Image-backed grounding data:
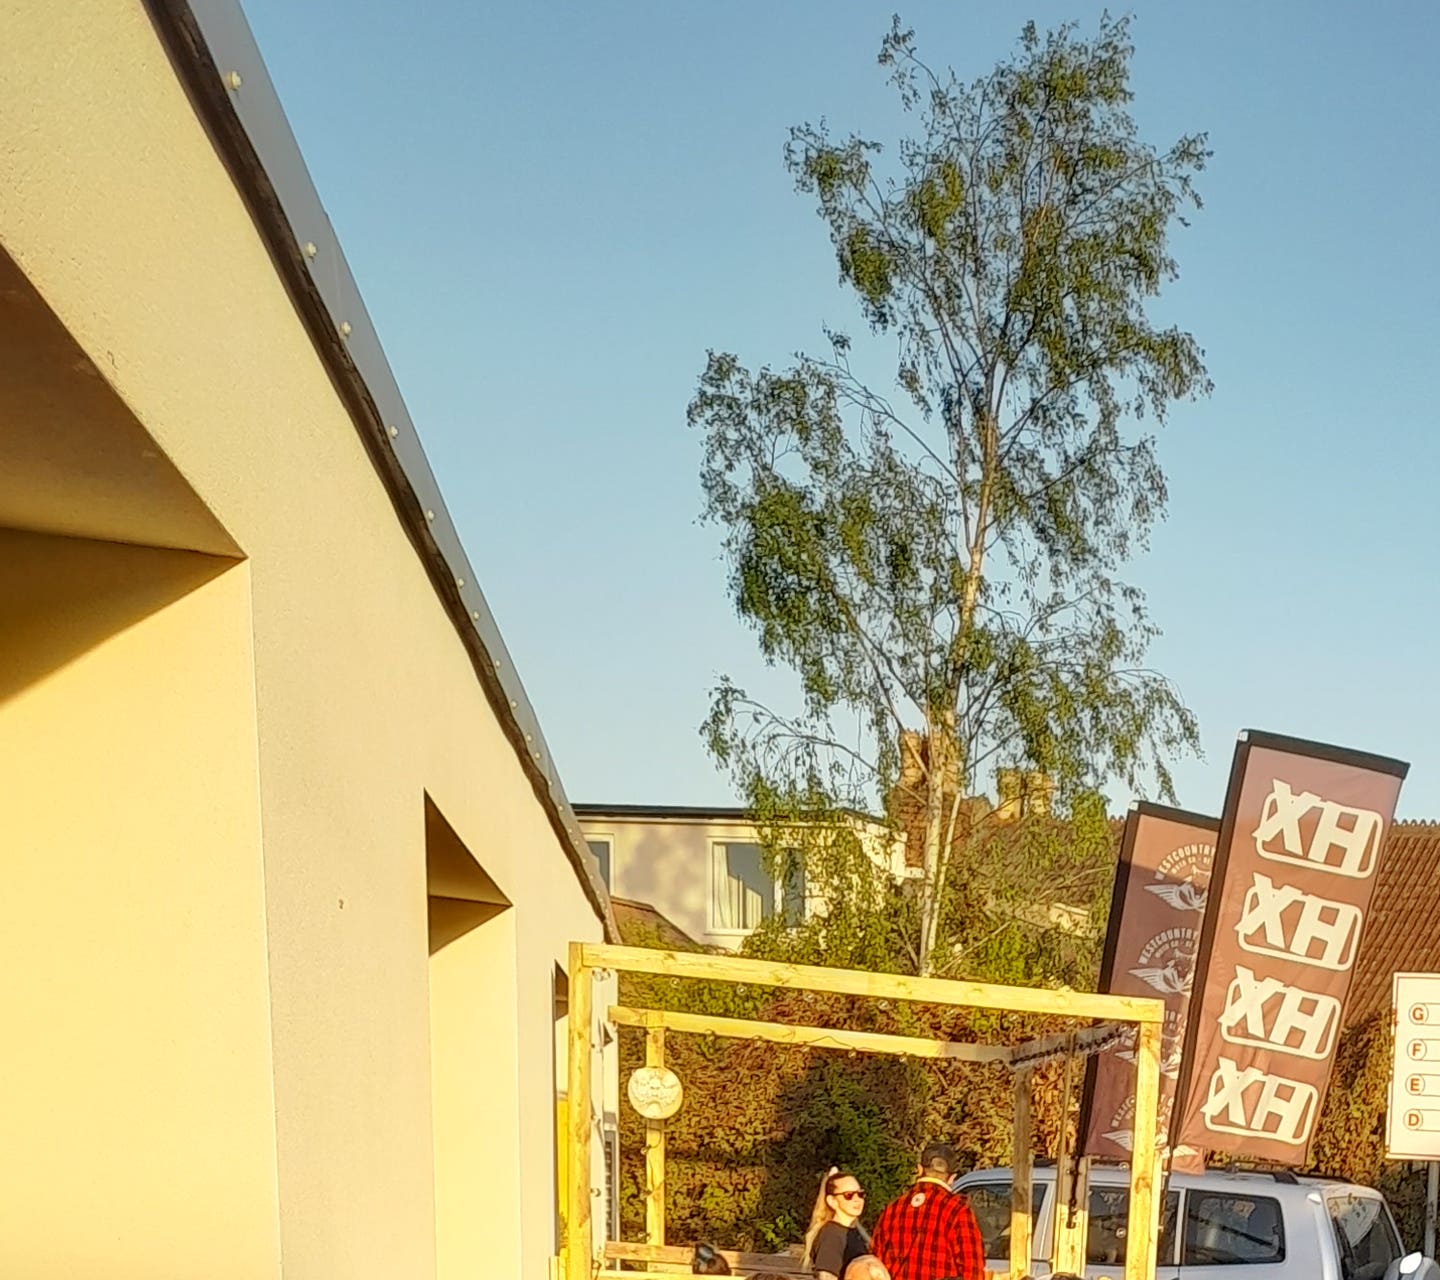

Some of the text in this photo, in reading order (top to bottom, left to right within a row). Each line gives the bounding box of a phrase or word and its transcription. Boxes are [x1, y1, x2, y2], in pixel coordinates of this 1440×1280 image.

[1412, 1008, 1424, 1021] G
[1412, 1043, 1422, 1057] F
[1410, 1079, 1420, 1091] E
[1408, 1113, 1419, 1126] D
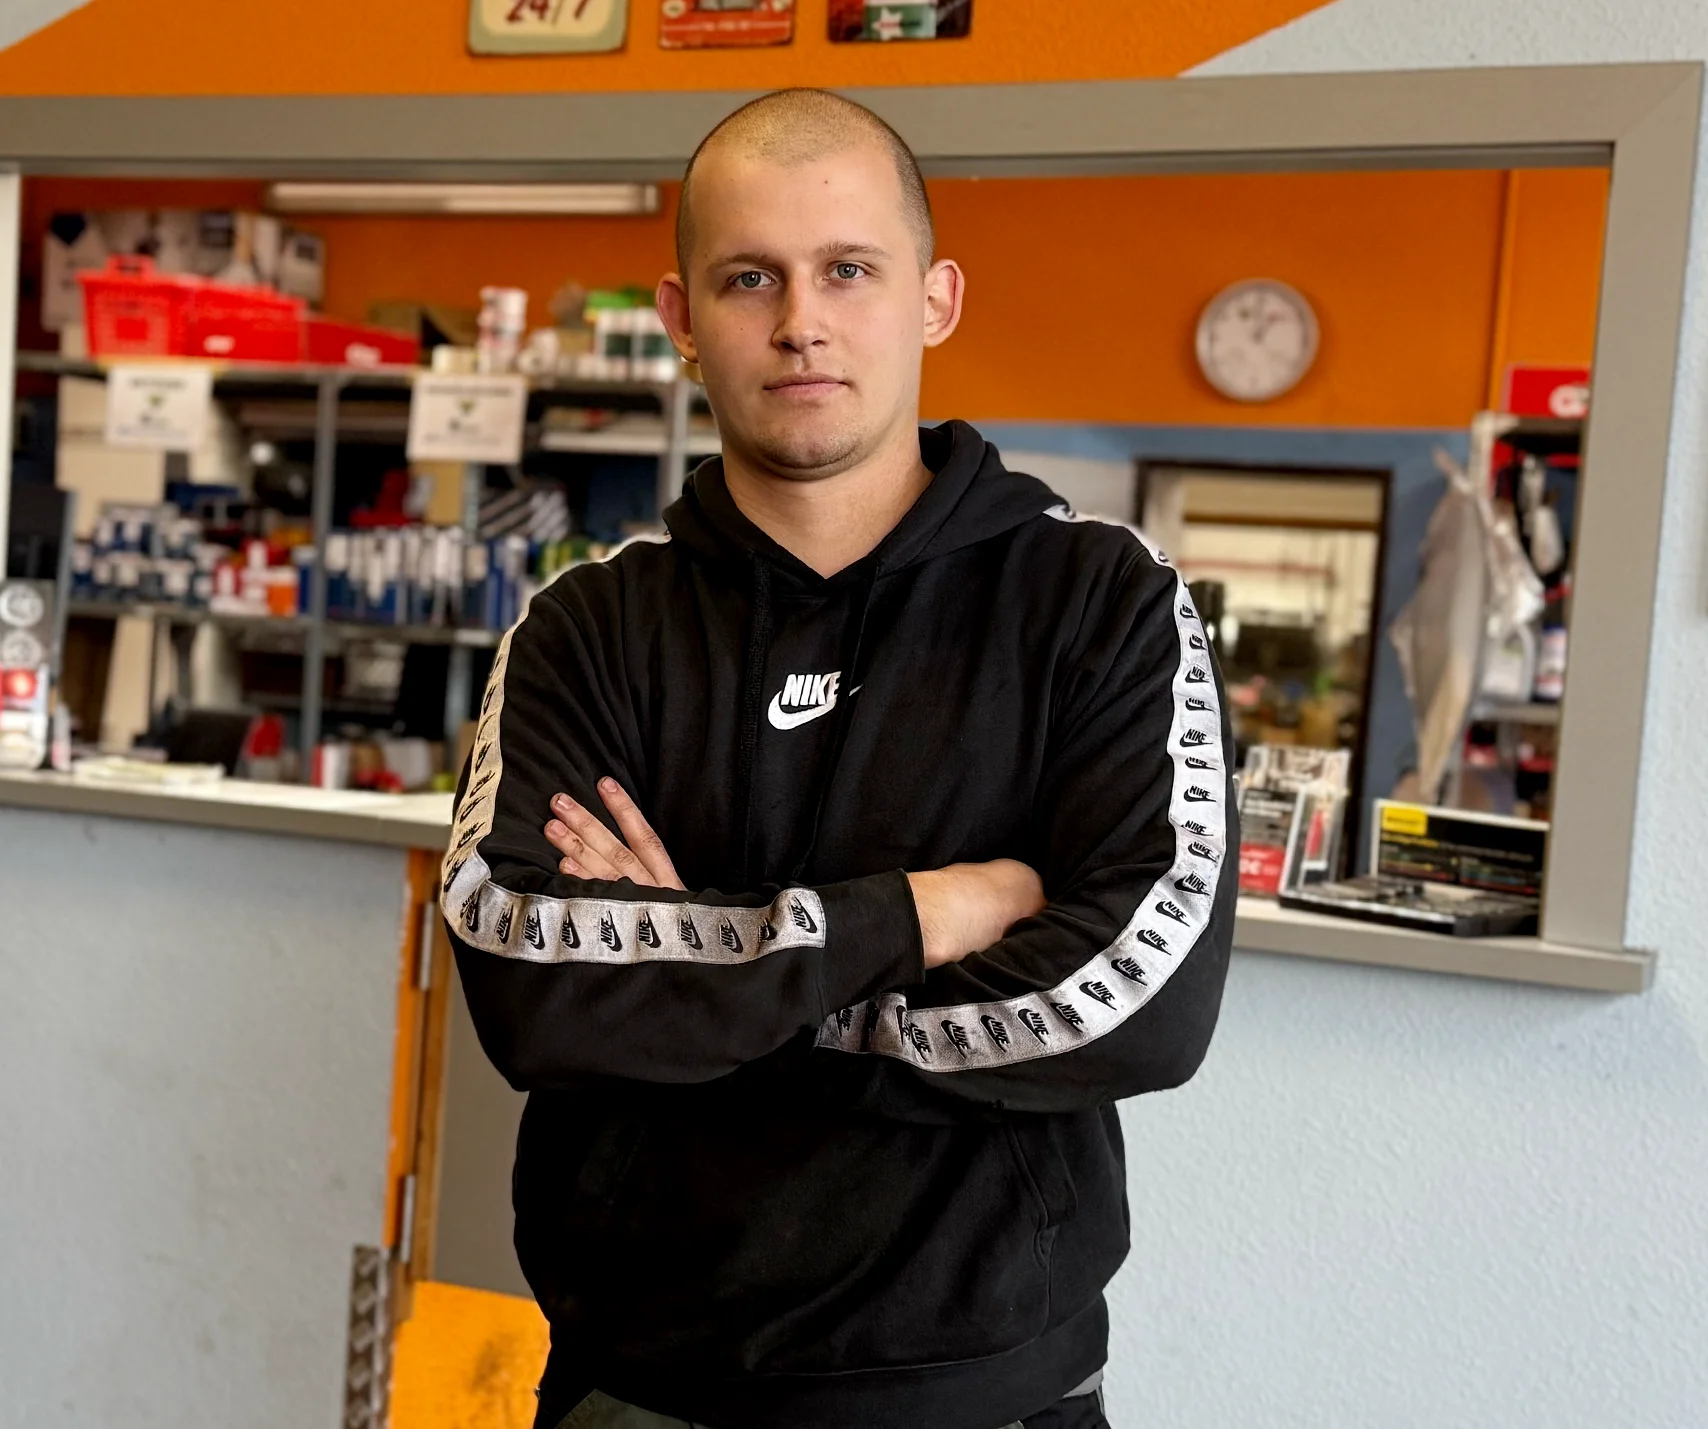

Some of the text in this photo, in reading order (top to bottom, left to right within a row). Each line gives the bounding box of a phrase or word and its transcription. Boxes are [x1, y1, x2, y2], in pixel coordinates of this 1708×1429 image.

[781, 671, 841, 707] NIKE
[1185, 729, 1207, 742] NIKE
[1189, 786, 1210, 799] NIKE
[1185, 872, 1207, 891] NIKE
[1165, 901, 1187, 919] NIKE
[524, 914, 538, 943] NIKE
[1145, 929, 1169, 948] NIKE
[1120, 958, 1145, 979] NIKE
[1091, 981, 1115, 1002] NIKE
[1029, 1012, 1049, 1037] NIKE
[1061, 1004, 1084, 1026] NIKE
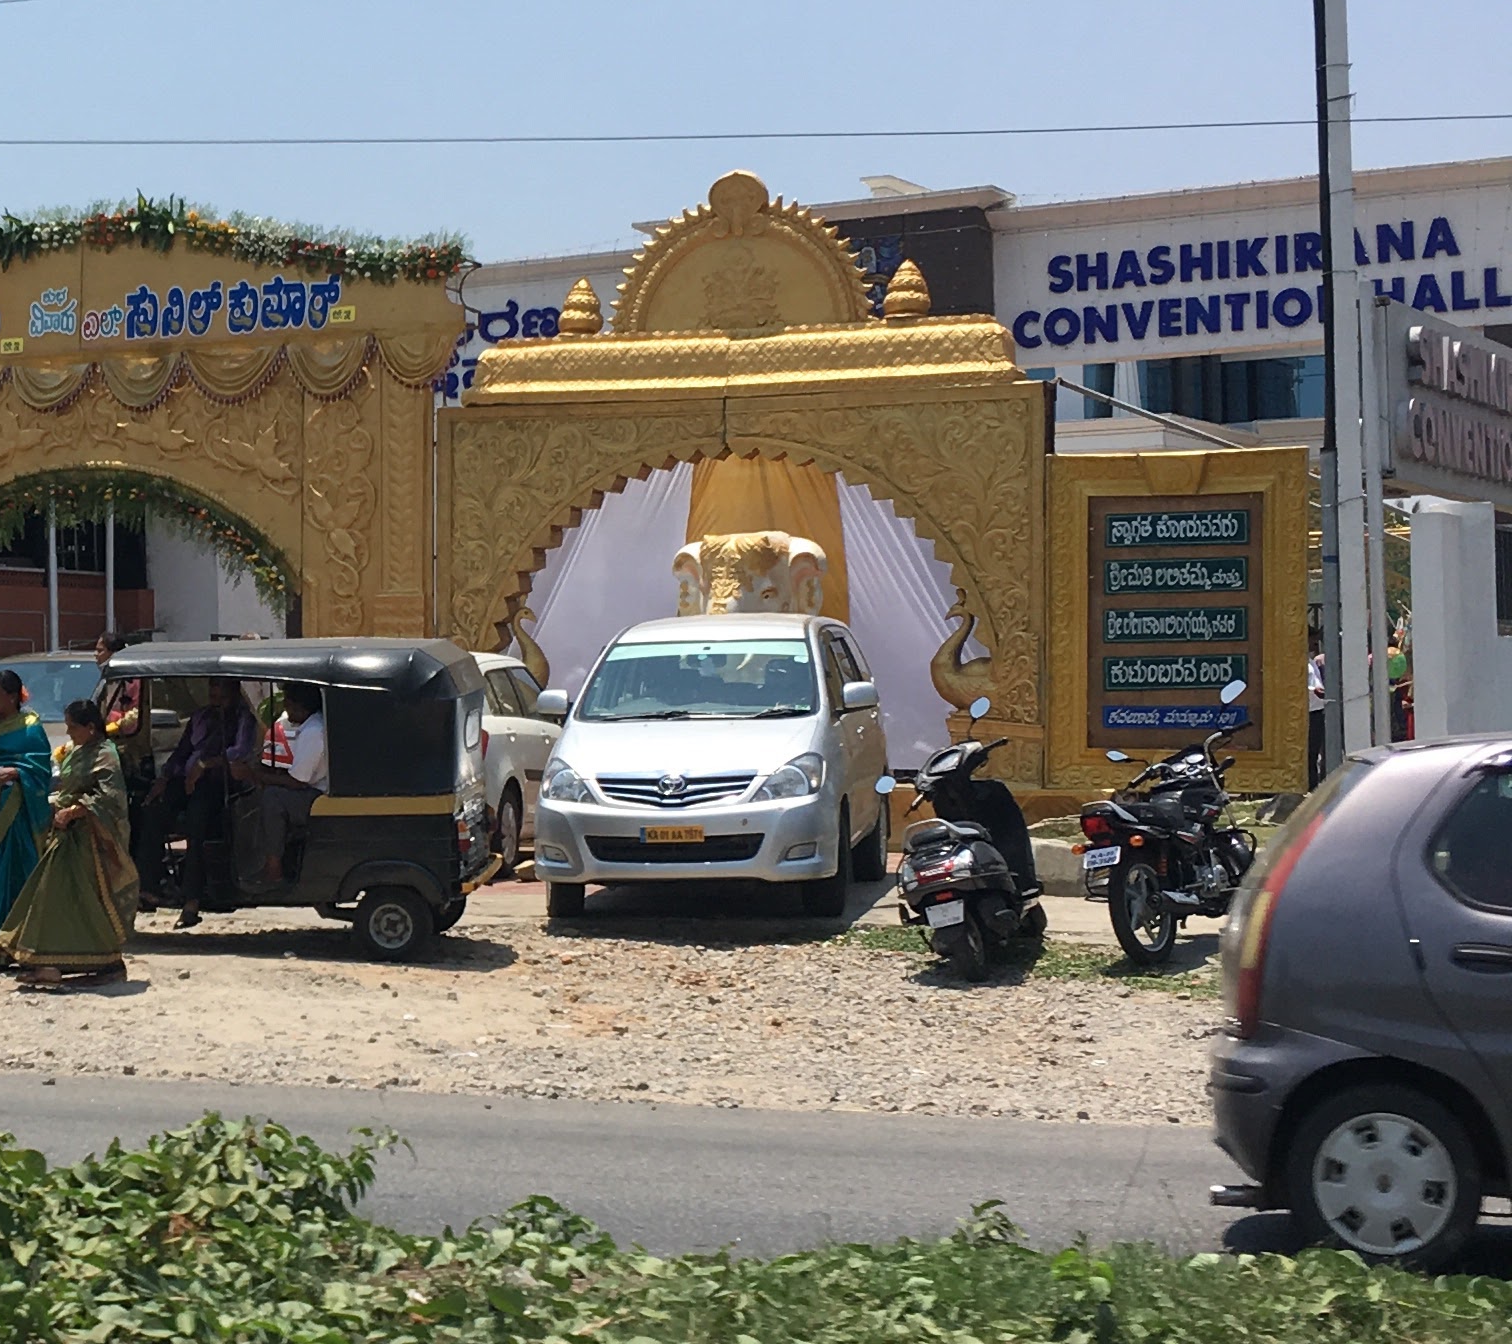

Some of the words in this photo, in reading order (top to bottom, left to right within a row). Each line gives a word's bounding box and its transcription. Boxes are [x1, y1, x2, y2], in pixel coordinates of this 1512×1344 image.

[125, 280, 223, 340] ಸುನಿಲ್
[227, 274, 343, 336] ಕುಮಾರ್
[1012, 285, 1325, 350] CONVENTIO
[1156, 513, 1239, 539] ಕೋರುವವರು
[1110, 562, 1153, 591] ಶ್ರೀಮತಿ

> **WHAT YOU SHOULD DO**:
Reproduce exactly, with nothing added, the lines from the one that contains "Some of the words" to the end of the data.

> **ANSWER TO THIS EXERCISE**:
Some of the words in this photo, in reading order (top to bottom, left to right within a row). Each line gives a word's bounding box and its transcription. Boxes are [x1, y1, x2, y2], in pixel coordinates of this 1512×1344 image.

[125, 280, 223, 340] ಸುನಿಲ್
[227, 274, 343, 336] ಕುಮಾರ್
[1012, 285, 1325, 350] CONVENTIO
[1156, 513, 1239, 539] ಕೋರುವವರು
[1110, 562, 1153, 591] ಶ್ರೀಮತಿ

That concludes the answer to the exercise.